Purpose: Large-scale array-based and sequencing studies have advanced our understanding of the genetic architecture of psychiatric disorders, but also increased the potential to generate an exponentially larger amount of clinically relevant findings. As genomic testing becomes more widespread in psychiatry research, urgency grows to establish best practices for offering return of results (RoR) to individuals at risk or diagnosed with a psychiatric disorder.
Methods: We interviewed an international sample (n = 39) of psychiatric genetics researchers to examine conceptualizations of "best practices" for RoR to individual research participants.

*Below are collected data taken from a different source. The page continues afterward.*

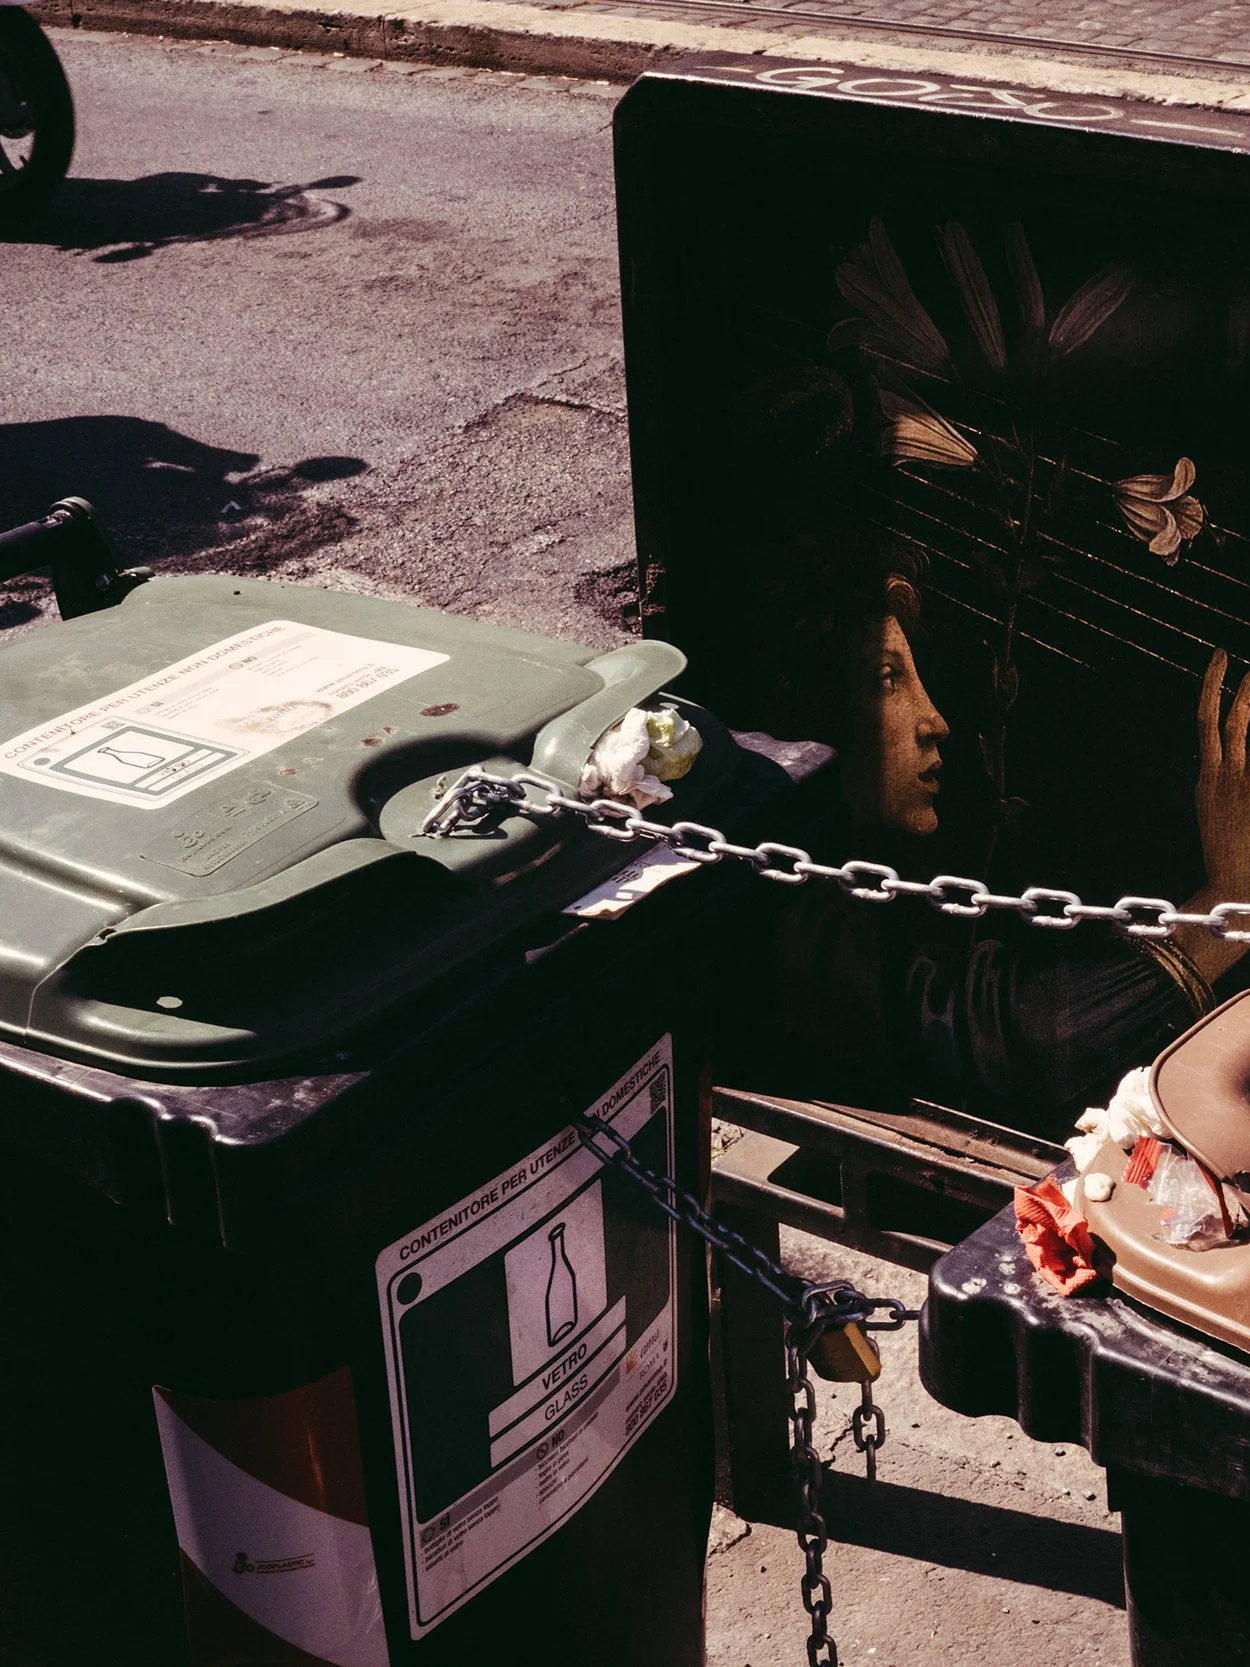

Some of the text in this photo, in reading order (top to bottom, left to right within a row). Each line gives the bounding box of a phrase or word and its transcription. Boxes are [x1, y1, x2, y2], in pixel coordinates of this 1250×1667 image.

[4, 712, 101, 758] CONTENITORE
[99, 699, 128, 711] PER
[128, 676, 180, 698] UTENZE
[178, 660, 208, 674] NON
[207, 627, 284, 660] DOMESTICHE
[399, 1051, 661, 1261] CONTENITORE PER UTENZE DOMESTICHE
[542, 1343, 587, 1390] VETRO
[545, 1374, 588, 1421] GLASS
[626, 1381, 667, 1435] 800 867 035
[551, 1430, 564, 1447] NO
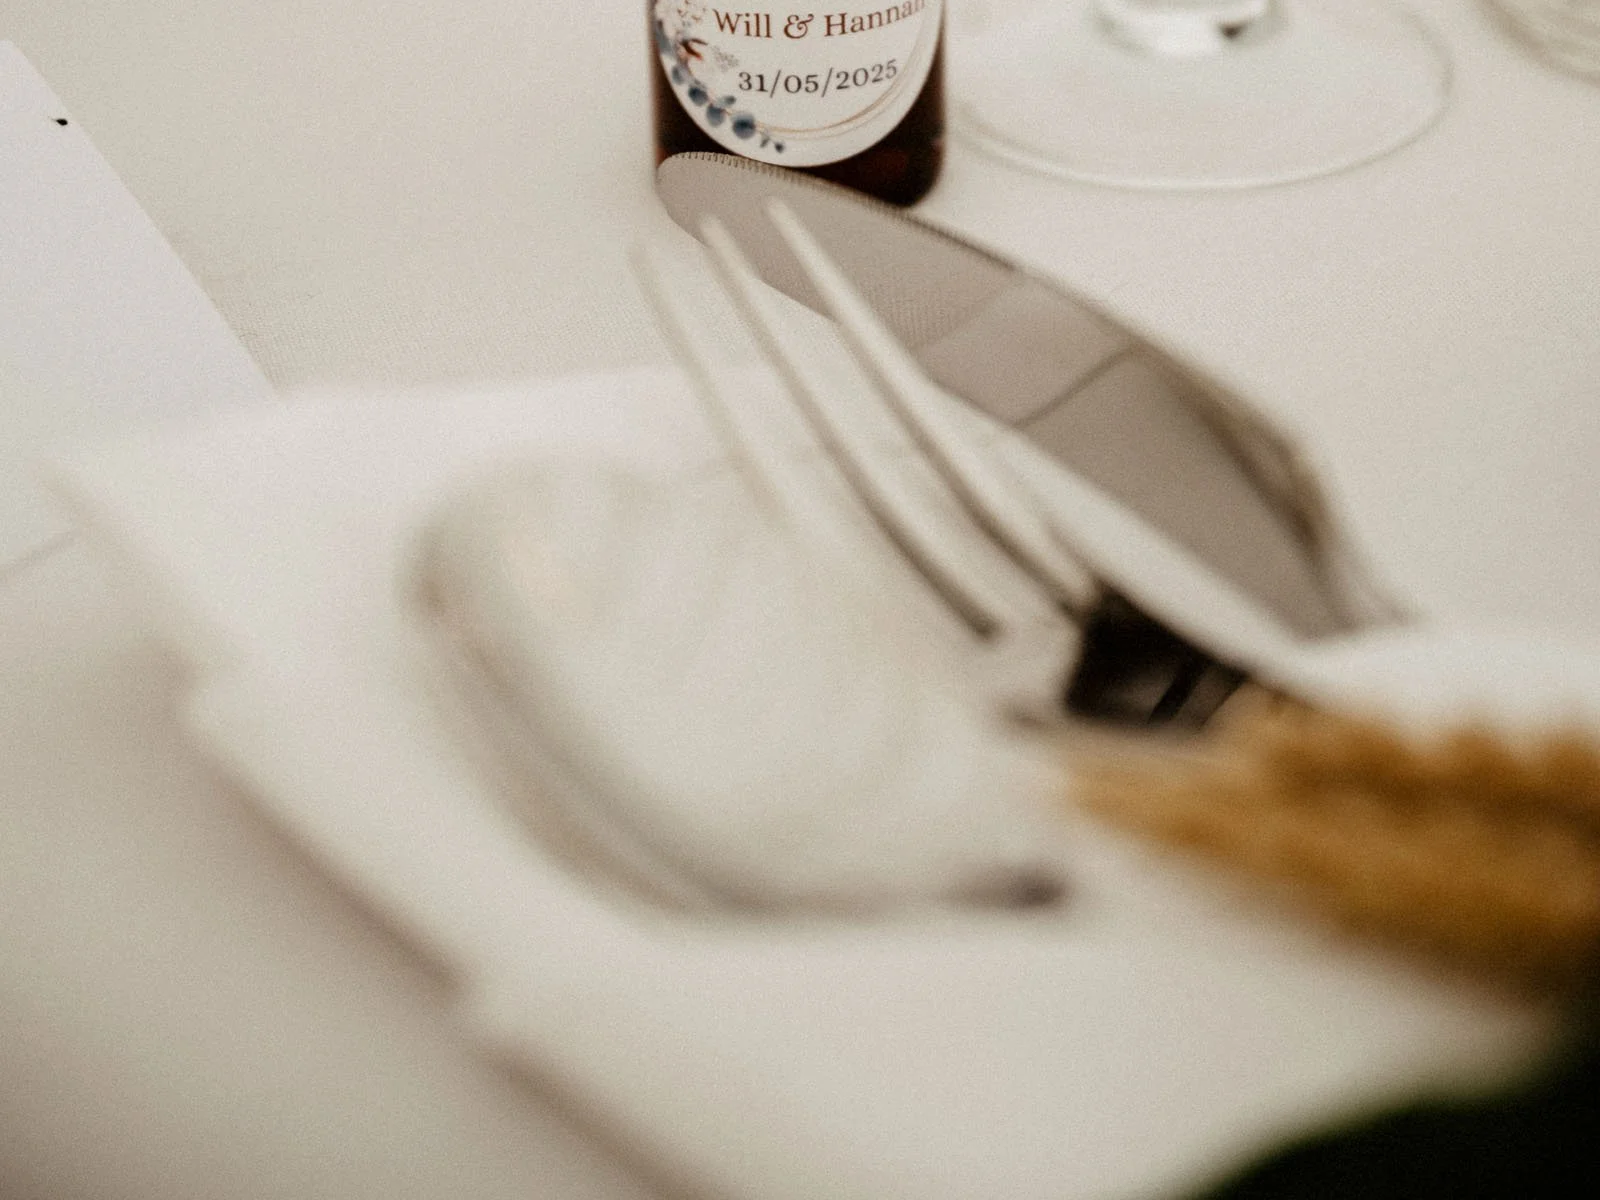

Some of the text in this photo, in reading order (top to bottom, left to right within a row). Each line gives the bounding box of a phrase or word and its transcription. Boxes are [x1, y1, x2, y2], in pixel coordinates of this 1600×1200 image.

[712, 9, 772, 39] Will
[784, 14, 814, 39] &
[739, 59, 899, 98] 31/05/2025
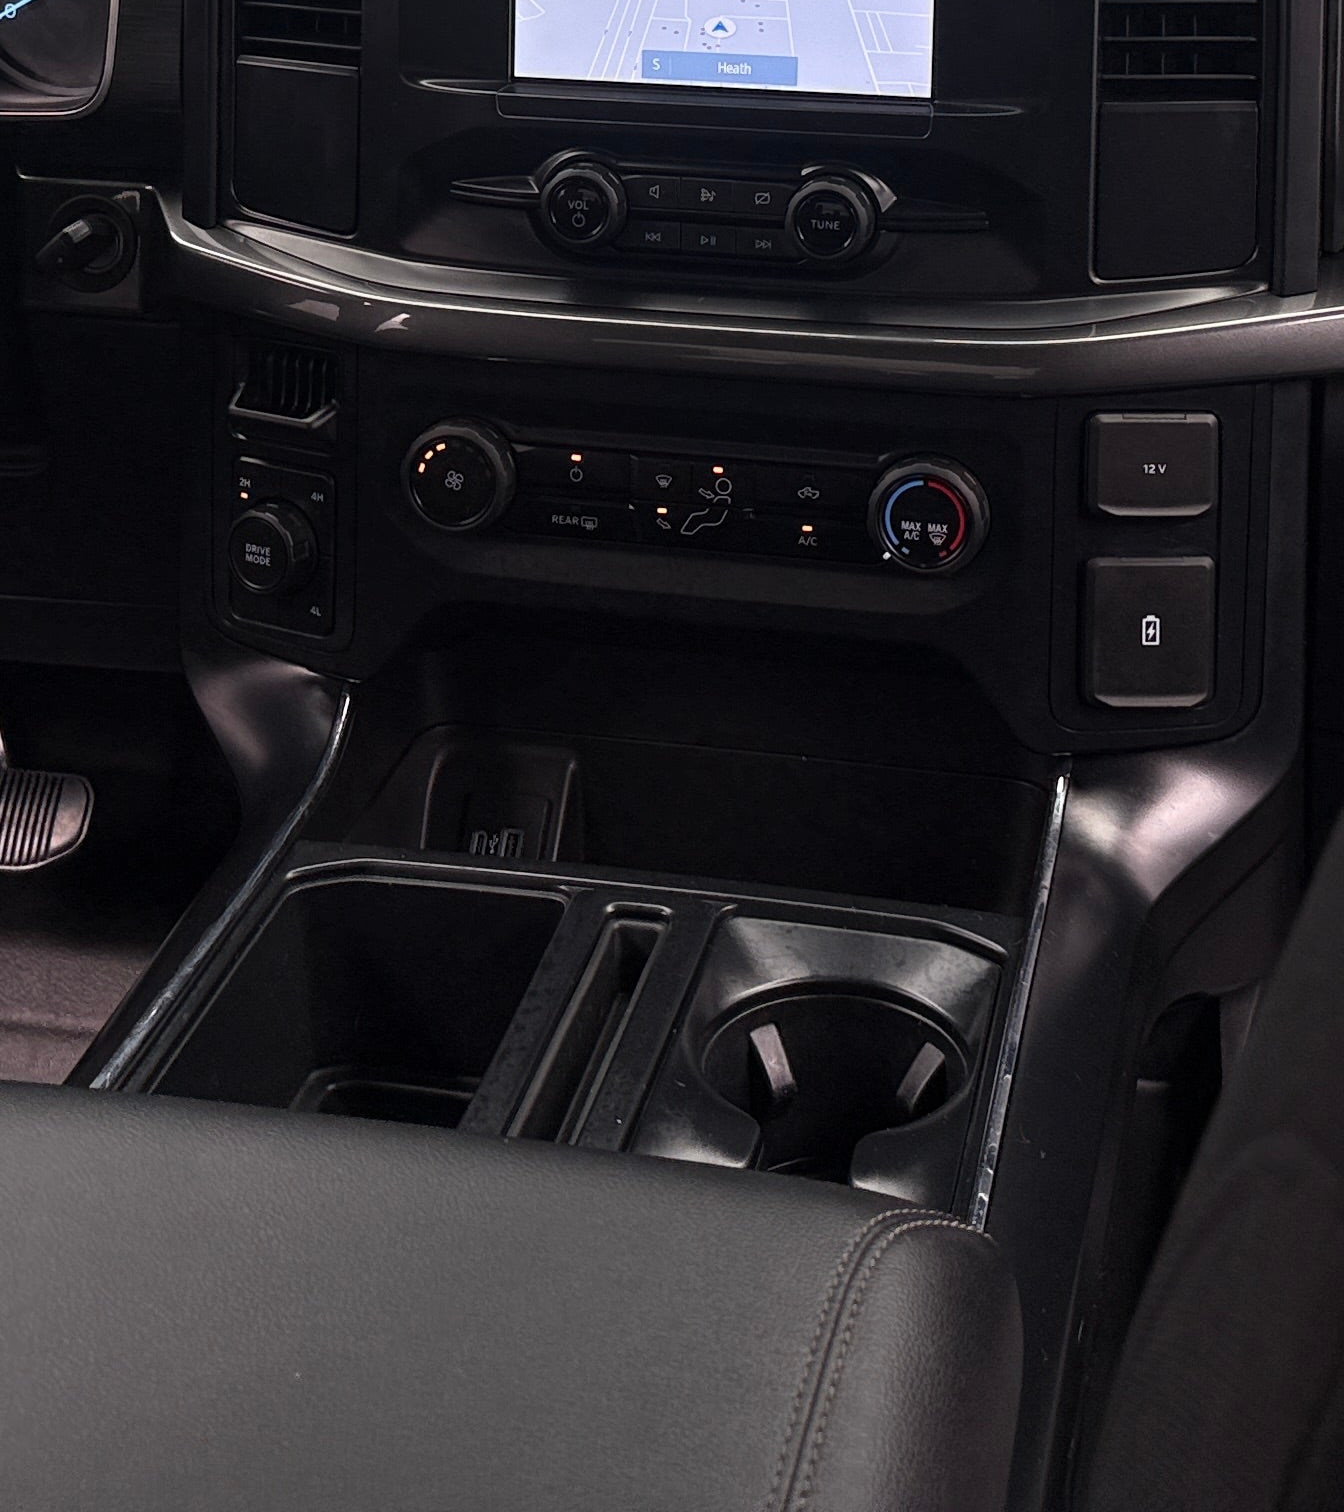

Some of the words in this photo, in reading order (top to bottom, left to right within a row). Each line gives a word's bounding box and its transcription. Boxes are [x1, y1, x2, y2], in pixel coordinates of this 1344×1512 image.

[4, 2, 17, 19] 0
[652, 57, 661, 71] S
[717, 61, 752, 75] Heath
[567, 199, 590, 211] VOL
[810, 219, 841, 231] TUNE
[1142, 463, 1156, 475] 12
[1157, 463, 1167, 475] V
[239, 476, 252, 489] 2H
[310, 491, 324, 503] 4H
[551, 514, 580, 526] REAR
[901, 520, 922, 532] MAX
[927, 522, 949, 534] MAX
[798, 535, 818, 547] A/C
[903, 531, 920, 541] A/C
[245, 543, 271, 557] DRIVE
[245, 552, 271, 567] MODE
[310, 604, 322, 617] 4L

Results: While the vast majority of researchers do not offer RoR, most believed medically actionable findings (85%) and clinically valid but non-medically actionable findings (54%) should be offered. Researchers identified three main areas for improvement: interfacing with individual participants; interdisciplinary training, guidance, and integration; and quality planning and resource allocation for returning results.
Conclusion: There are significant gaps between researchers' visions for "best" versus "actual" RoR practices. While researchers call for participant-centered practices, including consent practices that consider any special needs of participants with psychiatric disorders, return of individually meaningful results, and effective follow-up and provisions for treatment, the current reality is that consent and RoR practices lack standardized and evidence-based norms.
Keywords: ELSI; ethics; genetic; neuroethics; qualitative.